■ **What you will do**: Please transcribe every record below exactly, leaving out the pictures.
____________________
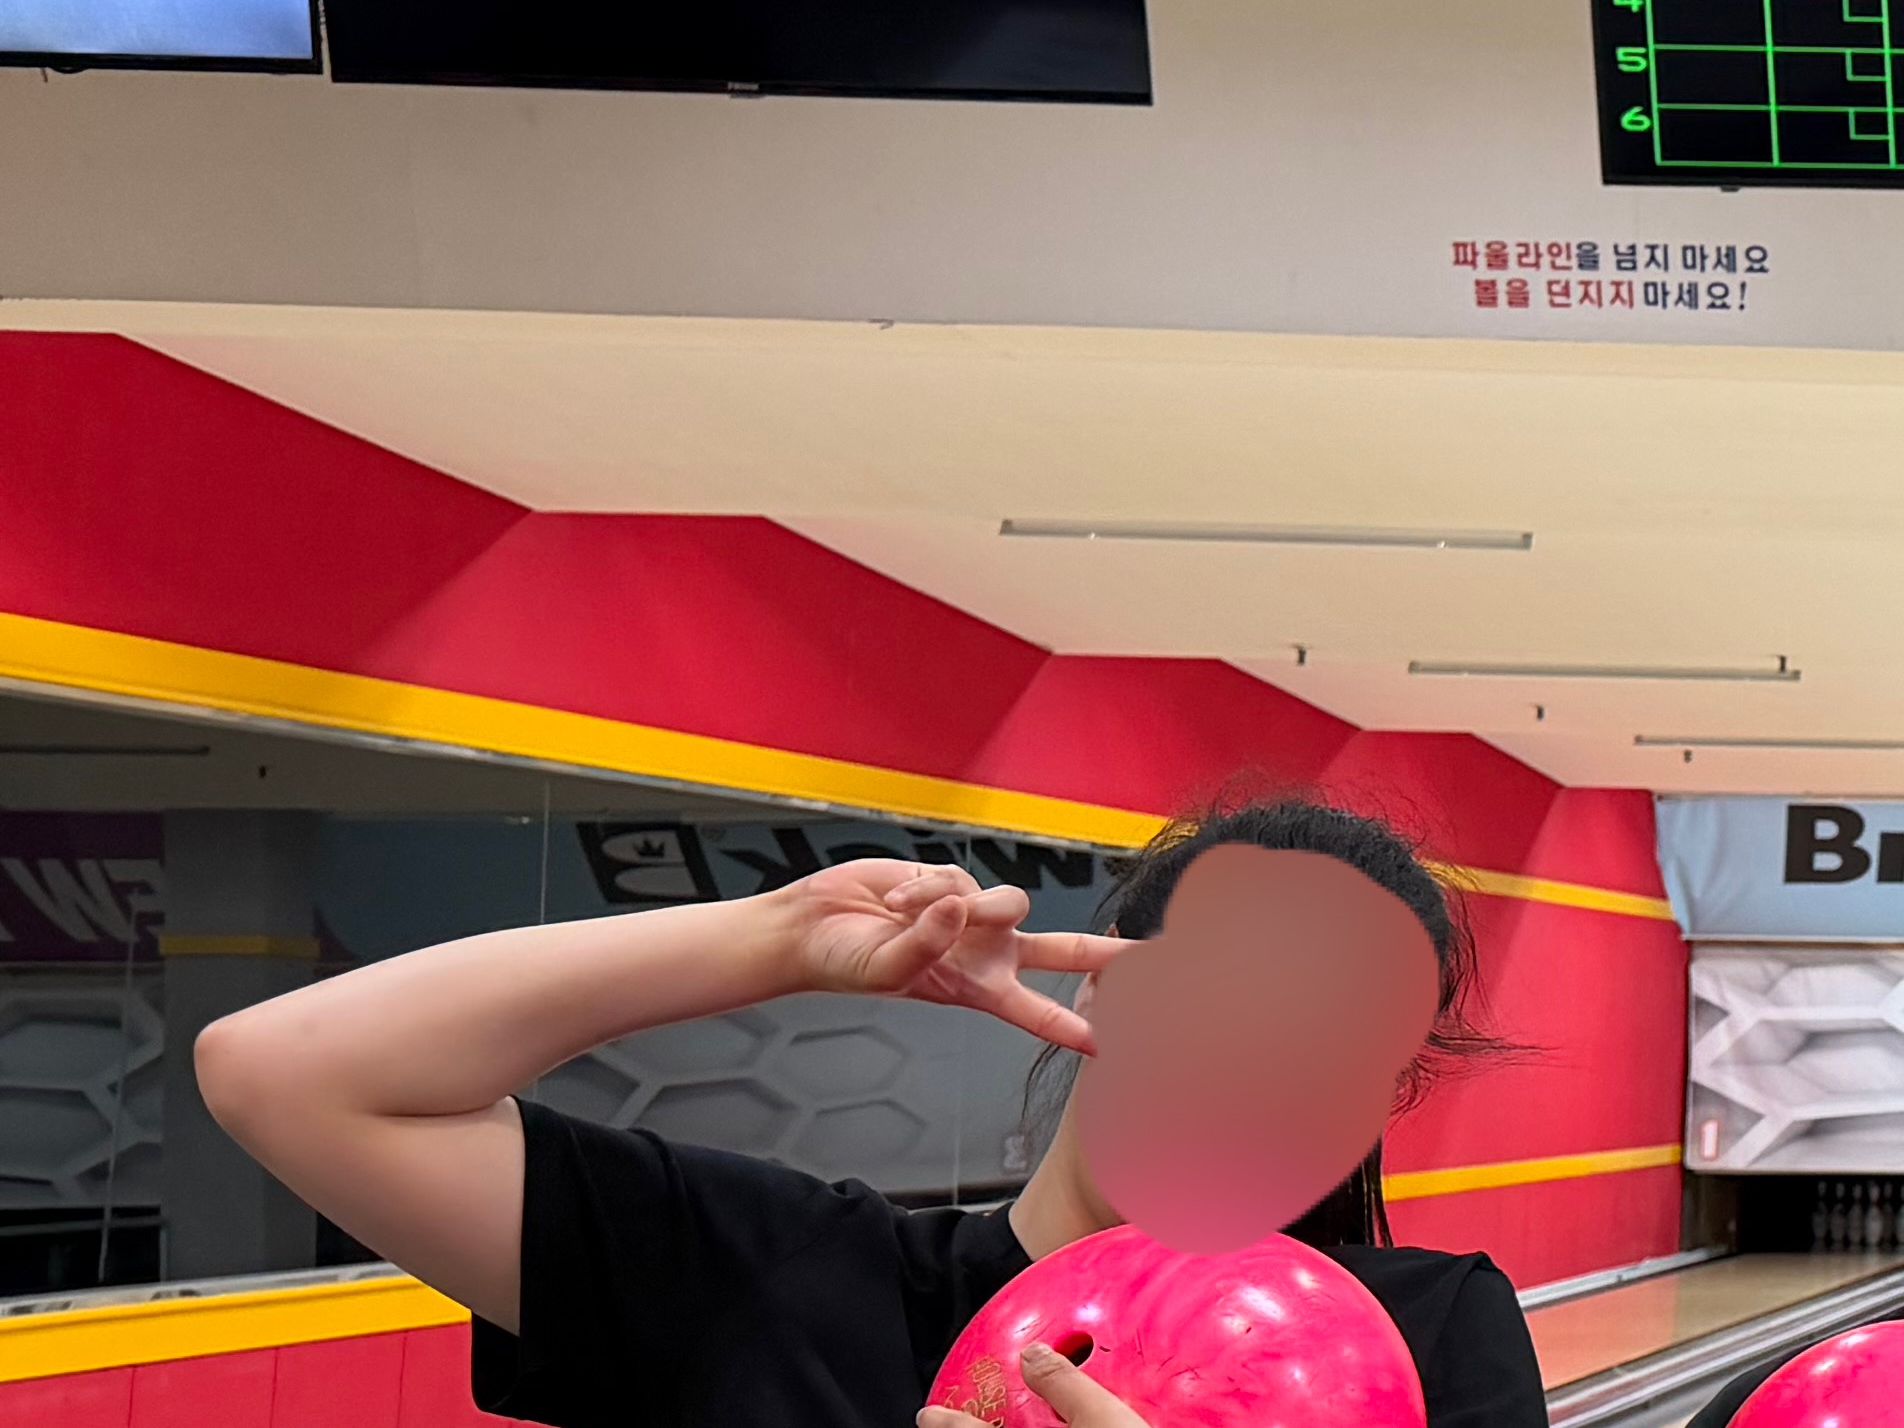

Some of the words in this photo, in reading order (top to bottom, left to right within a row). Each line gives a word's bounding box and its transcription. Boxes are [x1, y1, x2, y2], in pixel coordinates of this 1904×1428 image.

[1615, 46, 1648, 73] 5
[1620, 106, 1652, 132] 6
[1451, 240, 1602, 272] 파울라인을
[1613, 242, 1671, 273] 넘지
[1681, 242, 1771, 275] 마세요
[1473, 277, 1532, 310] 볼을
[1546, 279, 1636, 310] 던지지
[1643, 280, 1748, 312] 마세요!
[1700, 1119, 1720, 1161] 1
____________________
■ **Answer for the task**:
Some of the words in this photo, in reading order (top to bottom, left to right within a row). Each line gives a word's bounding box and its transcription. Boxes are [x1, y1, x2, y2], in pixel coordinates of this 1904×1428 image.

[1615, 46, 1648, 73] 5
[1620, 106, 1652, 132] 6
[1451, 240, 1602, 272] 파울라인을
[1613, 242, 1671, 273] 넘지
[1681, 242, 1771, 275] 마세요
[1473, 277, 1532, 310] 볼을
[1546, 279, 1636, 310] 던지지
[1643, 280, 1748, 312] 마세요!
[1700, 1119, 1720, 1161] 1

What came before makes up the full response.